- David Mattson
Fog of Science: The Stealth Advocacy of Grizzly Bear Numbers
Science is a value-laden and often political process. The proximal means for this dis-objectification can be found in the questions asked, the research funded, the results reported, the interpretations featured, the results selectively applied, and the frames foisted upon naïve end-users. Essentially every worthwhile commentator on the scientific enterprise has said as much. The potential quotes abound.
To feature just two, Bill Ascher, Donald McKenna Professor of Government at Claremont-McKenna College noted: “Knowledge generation is a political process…affected by the value systems of institutions, professions, and individuals.” Dan Sarewitz, Professor of Society and Science at Arizona State University, wrote: “Problems of values, assumptions, and ideology…are pervasive across the scientific enterprise.” And so on. Or, as Roger Pielke observed, there is probably no such thing as an objective scientist, other than perhaps for fleeting moments in the early career of budding researchers. But delusions of objectivity among scientists abound nonetheless, with sometimes destructive consequences.
Roger Pielke, a Professor at the University of Colorado, has done what so many scholars do: promulgate a schematic that, in this case, I find to be quite helpful. Roger categorizes what he calls “modes of engagement by scientists and other experts” with policy and politics. He has five types. As I noted just above, he more-or-less dismisses out of hand the ideal of a Pure Scientist. Then there is the Issue Advocate who, with transparency and integrity, features certain interpretations of science to promote a specific policy outcome. I count myself in that group. Or the Science Arbiter, who somewhat ponderously “supports decision-makers by providing answers to questions that can be addressed empirically.” Roger goes on to note that such Arbiters are “…never far from political influences.” And, then, better yet, there is the Honest Broker, who clarifies and expands the scope of options available for deliberation and action.

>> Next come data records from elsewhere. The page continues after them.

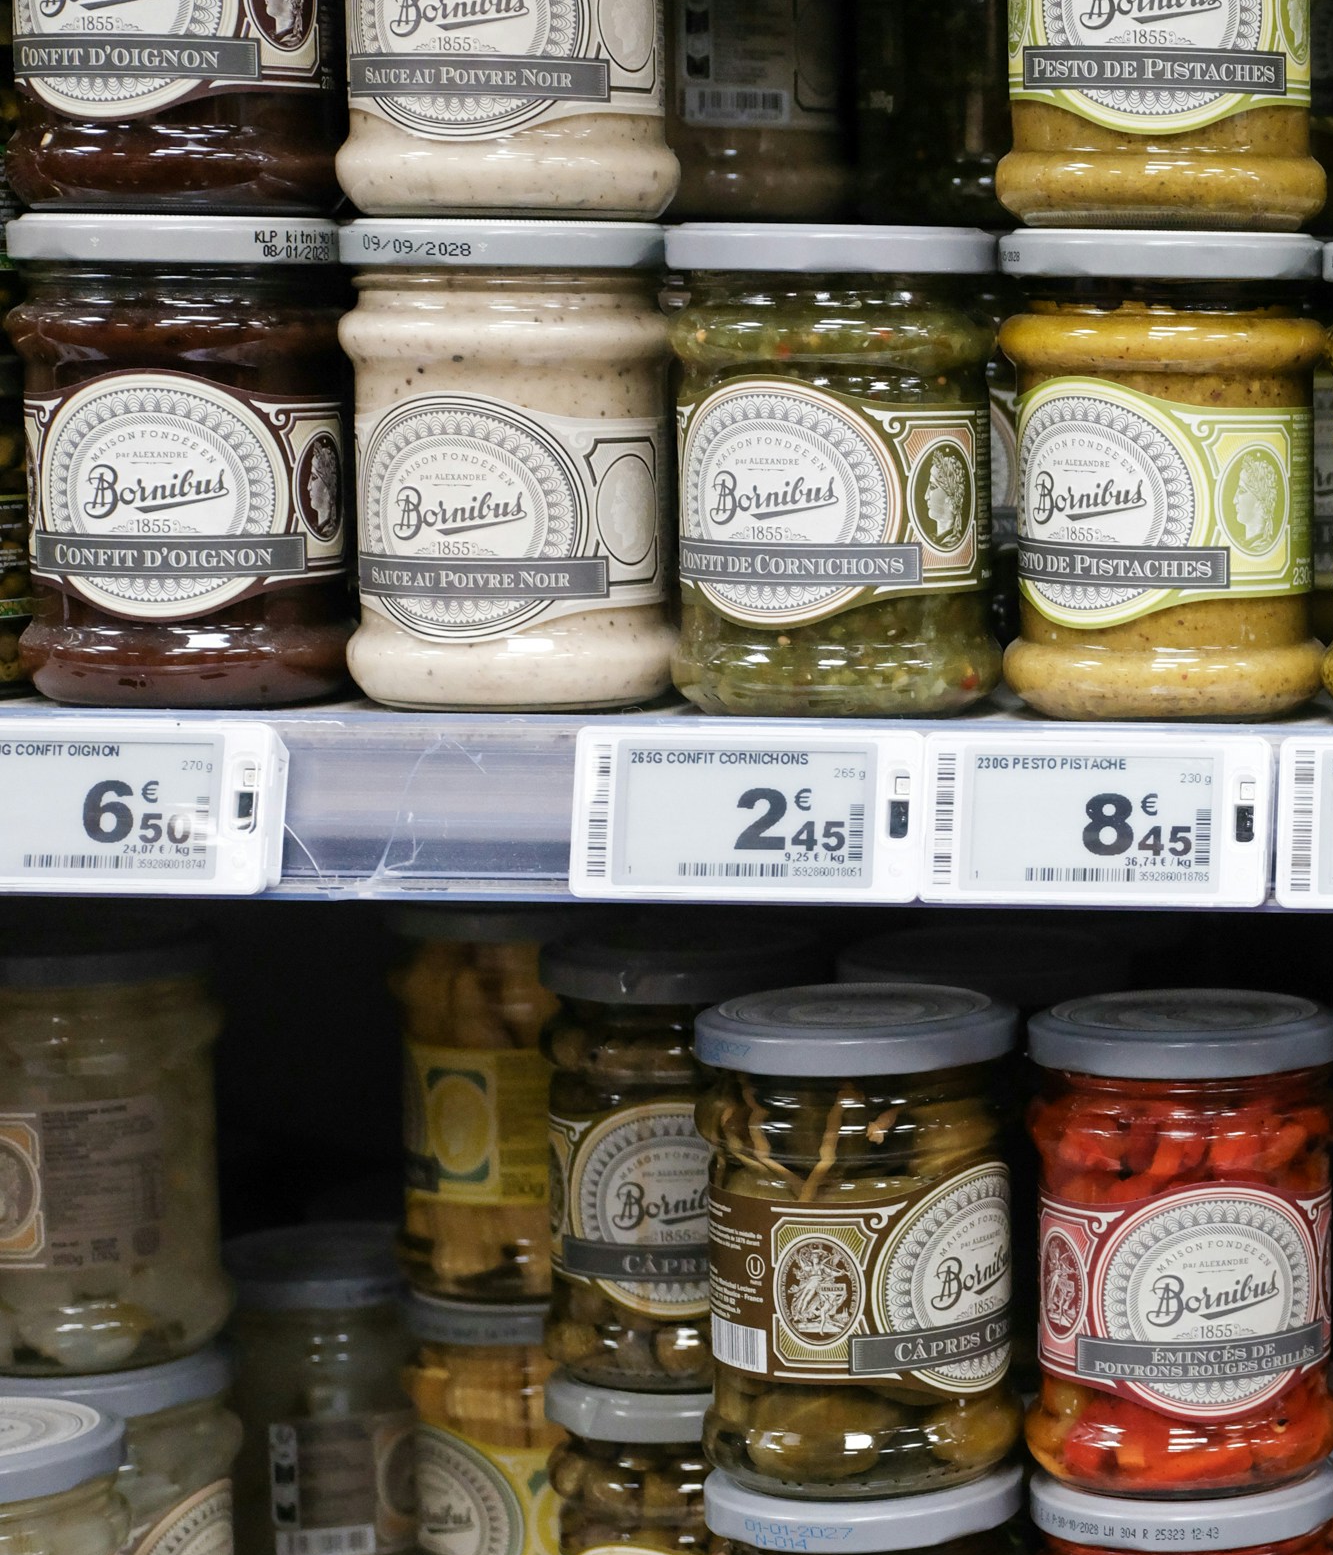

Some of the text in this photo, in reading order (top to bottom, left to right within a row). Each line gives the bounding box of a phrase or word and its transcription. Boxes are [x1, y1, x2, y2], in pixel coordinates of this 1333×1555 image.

[21, 46, 219, 69] CONFIT D'OIGNON
[365, 66, 571, 88] SAUCE AU POIVRE NOIR
[1032, 58, 1276, 84] PESTO DE PISTACHES
[667, 752, 715, 765] CONFIT
[720, 752, 809, 766] CORNICHONS
[977, 758, 1126, 772] 230G PESTO PISTACHE
[1146, 1271, 1281, 1325] Bornibus
[1152, 1345, 1275, 1365] ÉMINCÉS DE
[1095, 1361, 1184, 1376] POIVRONS
[1188, 1357, 1260, 1375] ROUGES

But there is a fifth category that Roger subjects to special disopprobrium. These are Stealth Issue Advocates. These low-life scientists seek to “…hide behind a façade of science, either pure scientist or science arbiter.” Which, Roger claims, “…is the swiftest route to pathologically politicizing science.” The problem is that most of these researchers end up here, not because of willful malfeasance, but because of self-delusional narratives that they imbibed during their post-graduate indoctrinations (Amen). These are the tricky ones because, at least in my experience, they can’t even begin to engage in a self-reflective conversation.
Which brings me to the self-delusional Stealth Issue Advocates who litter the landscape of Yellowstone’s grizzly bear science. As preface for what follows, I need to note that I struggle with how to broach this topic. There are many dimensions and complexities. There are so many manifestations. And I struggle with how to engage a broader readership not familiar with the nuances of science or scientific practice. But I surmise that most people have a fundamental grasp of human psychology and the foibles of humanity writ large. With that as a premise…

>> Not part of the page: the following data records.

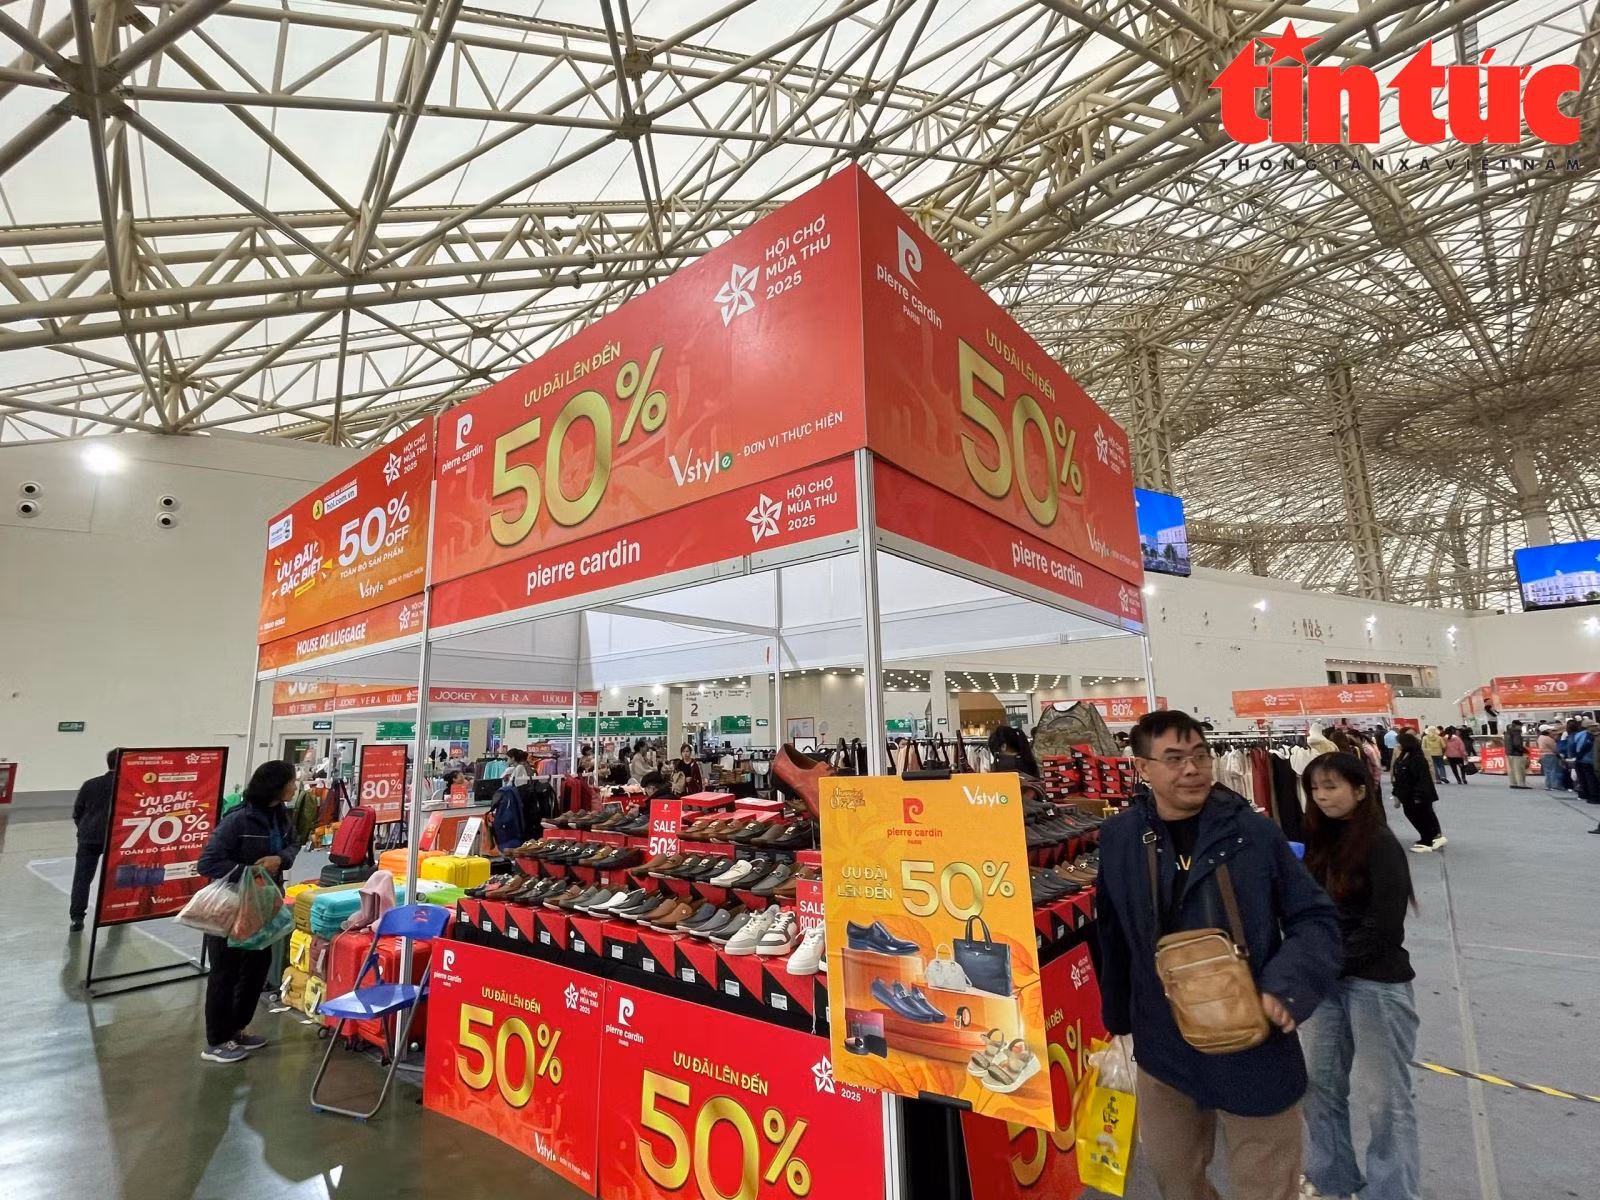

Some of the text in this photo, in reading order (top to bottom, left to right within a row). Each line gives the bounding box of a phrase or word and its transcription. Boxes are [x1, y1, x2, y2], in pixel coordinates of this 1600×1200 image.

[765, 213, 826, 261] HỘI CHỢ
[765, 233, 831, 281] MÙA THU
[766, 269, 802, 300] 2025
[876, 263, 943, 330] pierre cardin
[985, 327, 1002, 355] ƯU
[1003, 343, 1021, 372] ĐÃI
[1021, 360, 1038, 386] LÊN
[524, 340, 621, 408] ƯU ĐÃI LÊN ĐẾN
[957, 336, 1083, 528] 50%
[490, 344, 670, 547] 50%
[668, 411, 844, 487] Vstyle ĐƠN VỊ THỰC HIỆN
[441, 444, 484, 476] pierre cardin
[786, 475, 834, 500] HỘI CHỢ
[787, 492, 838, 516] MÙA THU
[338, 491, 411, 567] 50%
[787, 514, 816, 532] 2025
[385, 524, 410, 548] OFF
[276, 560, 293, 583] ƯU
[526, 539, 641, 596] pierre cardin
[1011, 538, 1049, 575] pierre
[1050, 555, 1084, 590] cardin
[296, 623, 367, 657] HOUSE OF LUGGAGE
[359, 695, 382, 706] VERA
[435, 691, 478, 701] JOCKEY
[488, 692, 531, 703] VERA
[690, 703, 699, 714] 2
[1111, 703, 1134, 717] 80%
[139, 790, 187, 808] ƯU ĐÃI
[361, 779, 402, 800] 80%
[961, 784, 1009, 809] Vstyle
[145, 799, 199, 816] ĐẶC BIỆT
[119, 813, 210, 849] 70%
[181, 831, 209, 843] OFF
[653, 819, 676, 834] SALE
[887, 827, 943, 840] pierre cardin
[119, 848, 144, 856] TOÀN
[650, 837, 677, 856] 50%
[841, 866, 862, 879] ƯU
[900, 859, 1015, 921] 50%
[799, 900, 825, 914] SALE
[433, 971, 462, 984] pierre cardin
[481, 986, 541, 1015] ƯU ĐÃI LÊN ĐẾN
[579, 986, 589, 996] HỘI
[579, 1005, 591, 1015] 2025
[589, 999, 599, 1009] THU
[605, 1023, 644, 1044] pierre cardin
[456, 1002, 563, 1108] 50%
[672, 1050, 768, 1097] ƯU ĐÃI LÊN ĐẾN
[841, 1088, 862, 1102] 2025
[639, 1066, 812, 1200] 50%

Stealth Advocate Grizzly Bear Scientists
Examples of stealth advocacy by researchers and managers are particularly abundant in the case of Yellowstone’s grizzly bears. Perhaps the most straight-forward examples can be found in how estimates of population size and trend are generated and then represented by technocrats to the attentive public. Estimates of size and trend are central to management controversies primarily because these metrics have been made the determinants of whether Yellowstone’s grizzly bear population is stripped of Endangered Species Act (ESA) protections or not—with status and trends of habitat and foods relegated to the trash bin of deliberations. Parenthetically, the political imperative to remove protections has spawned an environment that rewards agency functionaries who inflate or even fabricate positive population trends.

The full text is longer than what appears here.